A reabilitação de edifícios antigos em Portugal representa um desafio técnico e legal complexo, onde a aplicação rigorosa do Regulamento Geral das Edificações Urbanas (RGEU) frequentemente colide com a realidade construtiva do passado. A Portaria n.º 243/84 surgiu como resposta pragmática a esta problemática, estabelecendo um equilíbrio entre a preservação do património edificado e as exigências de habitabilidade contemporâneas.

A legislação portuguesa reconhece que nem todos os edifícios antigos podem cumprir integralmente as normas atuais, criando instrumentos flexíveis que permitem a sua recuperação sem comprometer a segurança e habitabilidade.

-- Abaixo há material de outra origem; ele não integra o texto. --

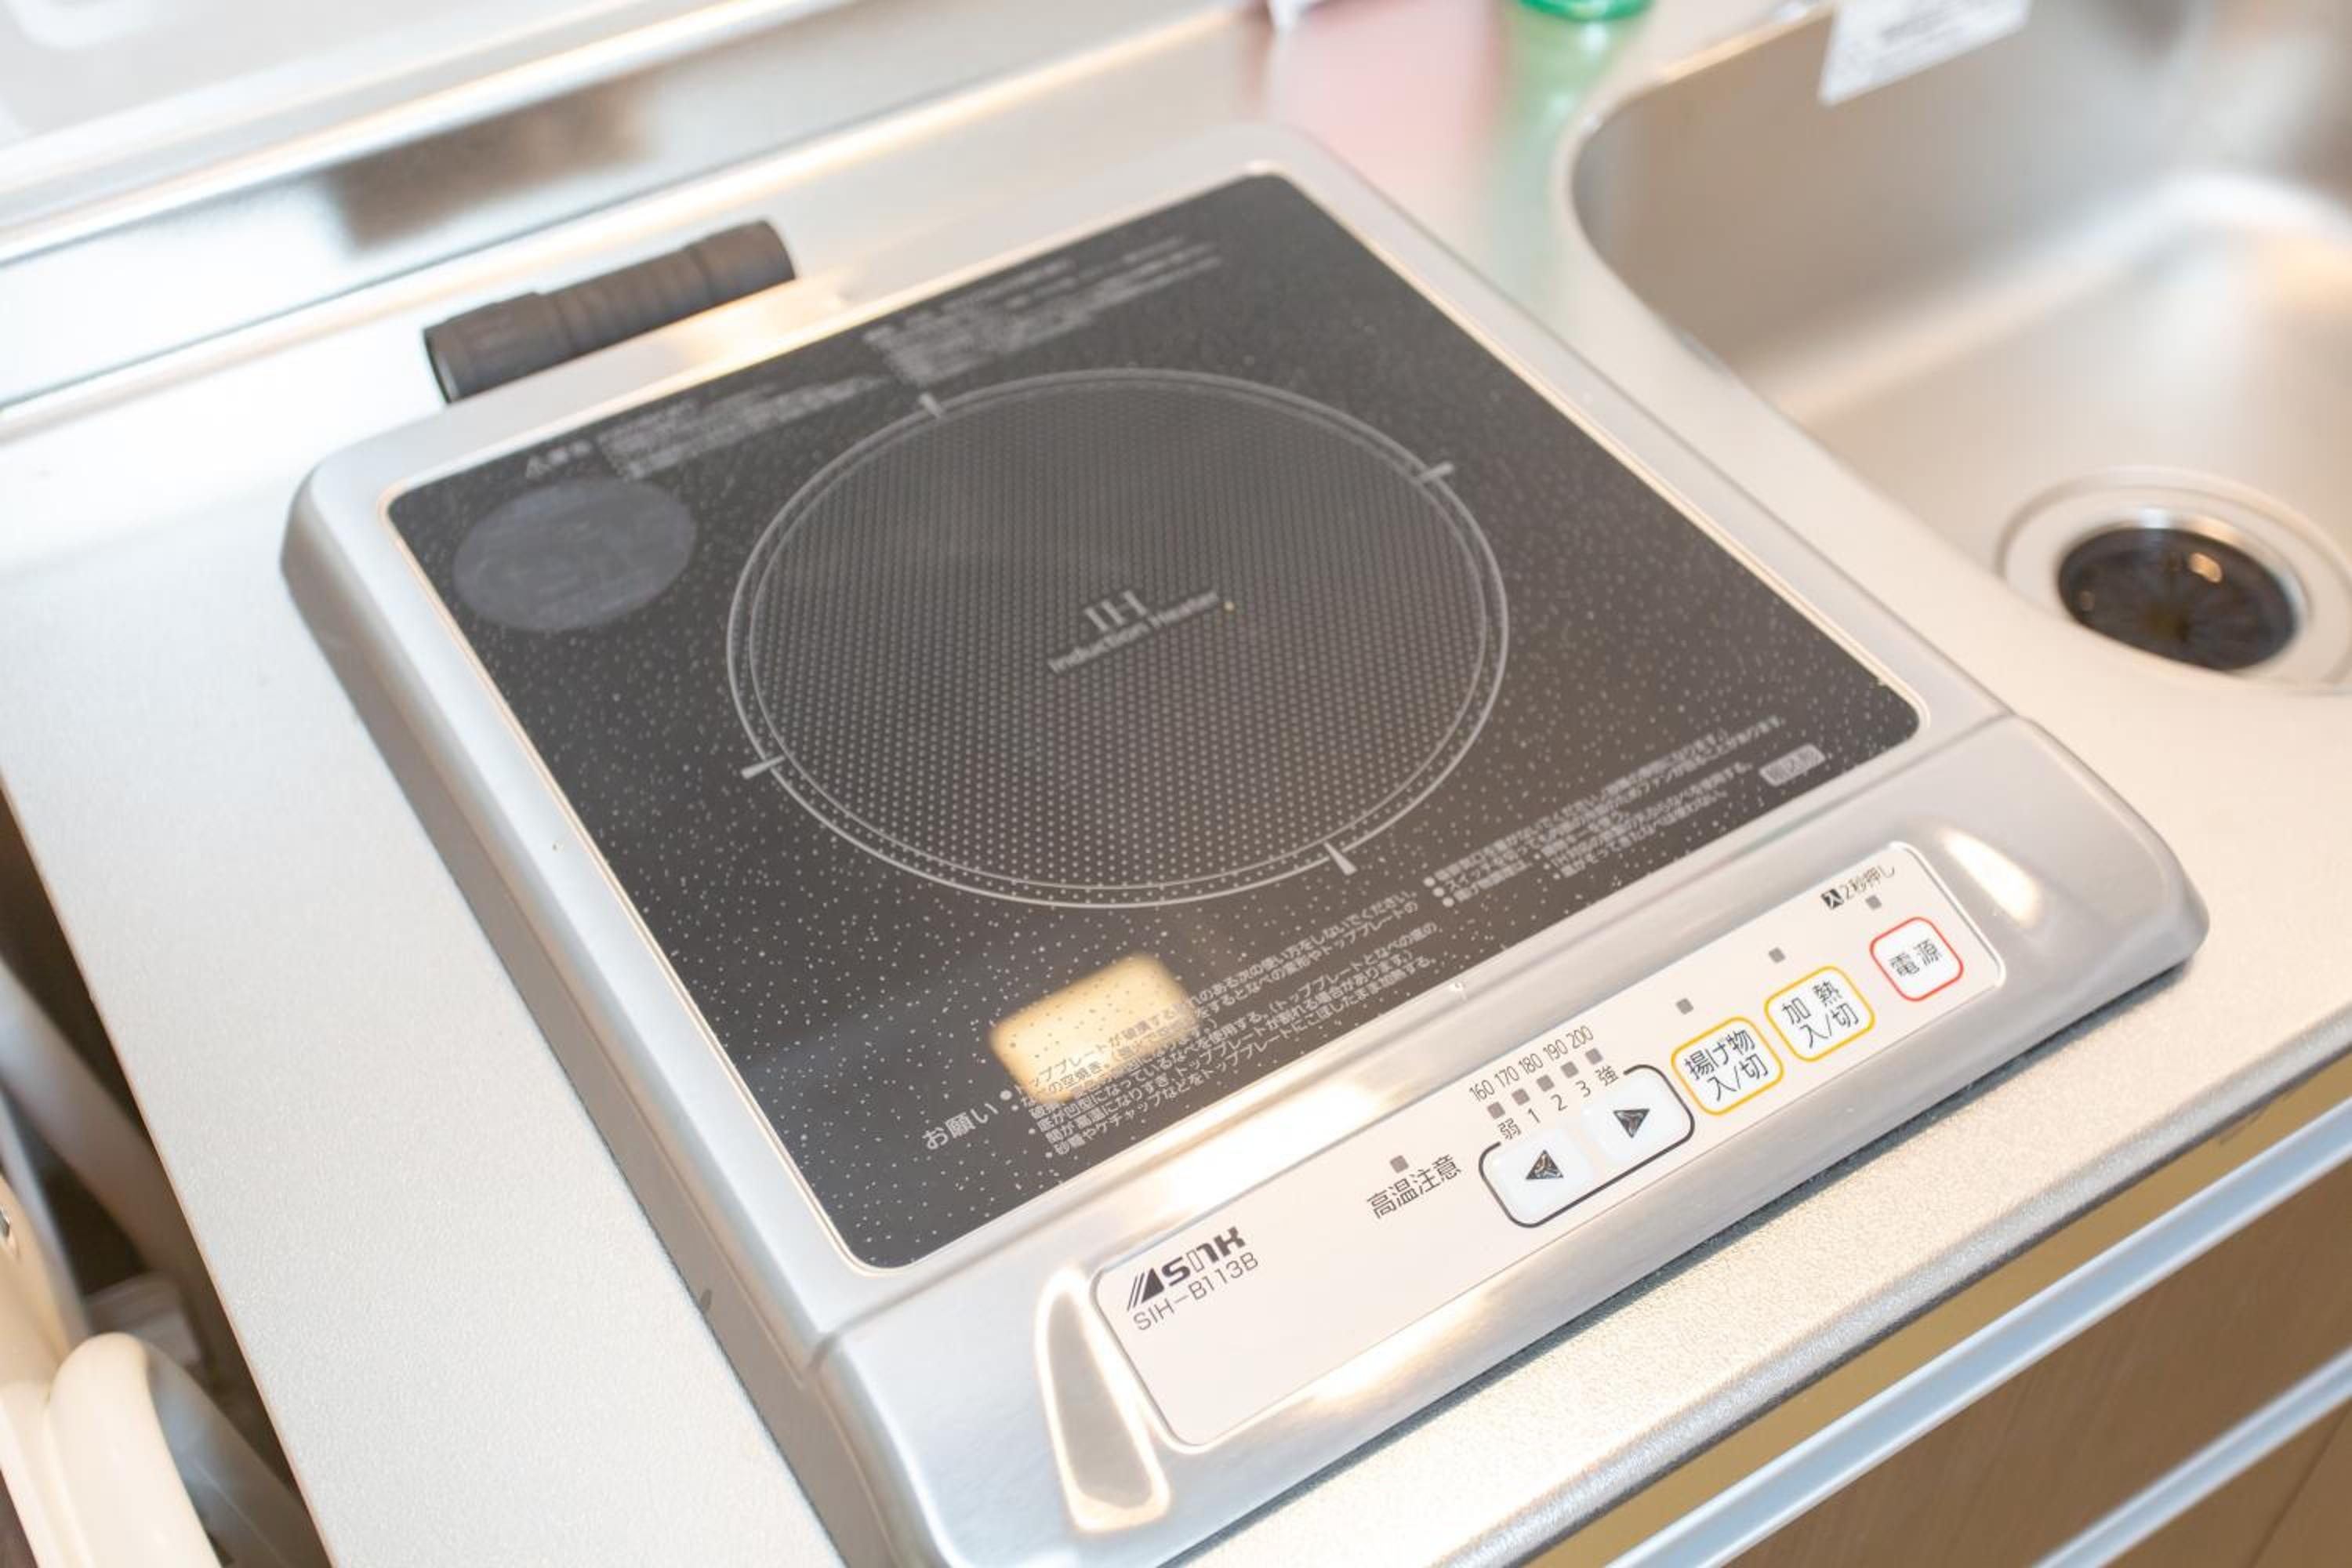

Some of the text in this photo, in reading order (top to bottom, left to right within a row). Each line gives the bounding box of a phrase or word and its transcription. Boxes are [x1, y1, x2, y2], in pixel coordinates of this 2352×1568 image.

Apartamento reabilitado e adaptado à Portaria 243/84, no Porto
Apartamento reabilitado e adaptado à Portaria 243/84, no Porto

RGEU: Fundamento da Construção Moderna


Origens e Objetivos

O Regulamento Geral das Edificações Urbanas, aprovado pelo Decreto-Lei n.º 38.382 de 7 de agosto de 1951, estabeleceu as bases técnicas da construção moderna em Portugal. Este documento normativo visa garantir:

  • Condições de segurança estrutural em todas as edificações

  • Padrões de habitabilidade adequados às necessidades humanas

  • Salubridade dos espaços construídos

  • Integração urbanística harmoniosa


Princípios Fundamentais

O RGEU assenta em princípios que permanecem válidos mais de 70 anos após a sua aprovação:


Segurança Estrutural

  • Resistência mecânica adequada dos materiais e estruturas

  • Estabilidade global dos edifícios

  • Proteção contra riscos sísmicos e climáticos

  • Durabilidade das soluções construtivas


Habitabilidade

  • Dimensões mínimas dos compartimentos

  • Iluminação e ventilação naturais adequadas

  • Isolamento térmico e acústico

  • Acessibilidade e circulação funcional



Realidade das Construções Clandestinas


Contexto Histórico

Durante as décadas de 1960 e 1970, Portugal enfrentou uma explosão urbana sem precedentes, resultante da migração interna e do retorno de emigrantes. Esta pressão demográfica levou ao aparecimento de vastas áreas de construção clandestina, especialmente nas periferias das grandes cidades.



Desafios Regulamentares

A aplicação integral do RGEU a estas construções apresentava obstáculos significativos:

  • Investimentos desproporcionais para adequação às normas

  • Demolições em massa com graves consequências sociais

  • Impossibilidade técnica de cumprir todas as exigências

  • Agravamento da crise habitacional existente



A Portaria 243/84: Solução Pragmática


Contexto Legislativo

A revogação do Decreto-Lei n.º 278/71 pelo Decreto-Lei n.º 804/76 criou um vazio legal que dificultava a legalização de construções clandestinas. A Portaria n.º 243/84 veio colmatar esta lacuna, estabelecendo condições mínimas de habitabilidade que permitiam a recuperação viável destas edificações.



Filosofia Regulamentar

A portaria baseia-se numa abordagem pragmática que reconhece:

  • A impossibilidade prática de aplicar integralmente o RGEU

  • A necessidade social de legalizar habitações existentes

  • O equilíbrio entre qualidade habitacional e viabilidade económica

  • A preservação do investimento familiar já realizado



Tolerâncias e Adaptações Técnicas


Dimensões dos Compartimentos

A Portaria 243/84 introduziu flexibilidade nas dimensões mínimas exigidas pelo RGEU:


Áreas Reduzidas

  • Compartimentos gerais: área mínima de 8 m² (redução face ao RGEU)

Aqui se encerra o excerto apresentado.